Collected data:
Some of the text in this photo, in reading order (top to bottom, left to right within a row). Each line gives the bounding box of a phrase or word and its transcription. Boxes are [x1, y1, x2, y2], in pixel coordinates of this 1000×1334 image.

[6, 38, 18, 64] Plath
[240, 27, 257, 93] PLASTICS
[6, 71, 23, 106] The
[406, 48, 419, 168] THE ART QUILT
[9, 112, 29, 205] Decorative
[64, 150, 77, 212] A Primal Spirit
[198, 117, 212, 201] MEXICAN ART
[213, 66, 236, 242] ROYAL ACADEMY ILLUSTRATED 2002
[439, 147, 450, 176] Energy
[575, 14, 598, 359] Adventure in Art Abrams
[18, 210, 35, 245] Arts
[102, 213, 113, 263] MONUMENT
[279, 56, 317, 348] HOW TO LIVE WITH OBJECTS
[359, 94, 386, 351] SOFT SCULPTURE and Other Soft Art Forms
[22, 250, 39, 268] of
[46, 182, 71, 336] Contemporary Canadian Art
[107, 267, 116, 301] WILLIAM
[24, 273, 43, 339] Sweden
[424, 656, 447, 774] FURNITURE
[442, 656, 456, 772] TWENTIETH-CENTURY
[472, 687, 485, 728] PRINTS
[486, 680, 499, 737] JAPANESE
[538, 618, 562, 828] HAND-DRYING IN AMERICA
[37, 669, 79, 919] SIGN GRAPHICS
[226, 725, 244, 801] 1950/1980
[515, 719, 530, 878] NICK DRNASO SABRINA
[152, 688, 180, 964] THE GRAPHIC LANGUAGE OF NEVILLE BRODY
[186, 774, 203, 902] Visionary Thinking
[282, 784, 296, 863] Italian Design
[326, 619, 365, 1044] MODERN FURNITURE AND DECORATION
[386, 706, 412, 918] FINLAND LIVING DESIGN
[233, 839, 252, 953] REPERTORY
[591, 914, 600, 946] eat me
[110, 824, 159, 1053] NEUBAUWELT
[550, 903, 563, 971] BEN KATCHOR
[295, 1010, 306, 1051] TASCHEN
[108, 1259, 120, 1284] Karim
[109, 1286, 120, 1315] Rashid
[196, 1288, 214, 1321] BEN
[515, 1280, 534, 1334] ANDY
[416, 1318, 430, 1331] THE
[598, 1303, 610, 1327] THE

◆ **Activity**
The records above must be transcribed without a single omission.

◆ **Result for this task**
Some of the text in this photo, in reading order (top to bottom, left to right within a row). Each line gives the bounding box of a phrase or word and its transcription. Boxes are [x1, y1, x2, y2], in pixel coordinates of this 1000×1334 image.

[6, 38, 18, 64] Plath
[240, 27, 257, 93] PLASTICS
[6, 71, 23, 106] The
[406, 48, 419, 168] THE ART QUILT
[9, 112, 29, 205] Decorative
[64, 150, 77, 212] A Primal Spirit
[198, 117, 212, 201] MEXICAN ART
[213, 66, 236, 242] ROYAL ACADEMY ILLUSTRATED 2002
[439, 147, 450, 176] Energy
[575, 14, 598, 359] Adventure in Art Abrams
[18, 210, 35, 245] Arts
[102, 213, 113, 263] MONUMENT
[279, 56, 317, 348] HOW TO LIVE WITH OBJECTS
[359, 94, 386, 351] SOFT SCULPTURE and Other Soft Art Forms
[22, 250, 39, 268] of
[46, 182, 71, 336] Contemporary Canadian Art
[107, 267, 116, 301] WILLIAM
[24, 273, 43, 339] Sweden
[424, 656, 447, 774] FURNITURE
[442, 656, 456, 772] TWENTIETH-CENTURY
[472, 687, 485, 728] PRINTS
[486, 680, 499, 737] JAPANESE
[538, 618, 562, 828] HAND-DRYING IN AMERICA
[37, 669, 79, 919] SIGN GRAPHICS
[226, 725, 244, 801] 1950/1980
[515, 719, 530, 878] NICK DRNASO SABRINA
[152, 688, 180, 964] THE GRAPHIC LANGUAGE OF NEVILLE BRODY
[186, 774, 203, 902] Visionary Thinking
[282, 784, 296, 863] Italian Design
[326, 619, 365, 1044] MODERN FURNITURE AND DECORATION
[386, 706, 412, 918] FINLAND LIVING DESIGN
[233, 839, 252, 953] REPERTORY
[591, 914, 600, 946] eat me
[110, 824, 159, 1053] NEUBAUWELT
[550, 903, 563, 971] BEN KATCHOR
[295, 1010, 306, 1051] TASCHEN
[108, 1259, 120, 1284] Karim
[109, 1286, 120, 1315] Rashid
[196, 1288, 214, 1321] BEN
[515, 1280, 534, 1334] ANDY
[416, 1318, 430, 1331] THE
[598, 1303, 610, 1327] THE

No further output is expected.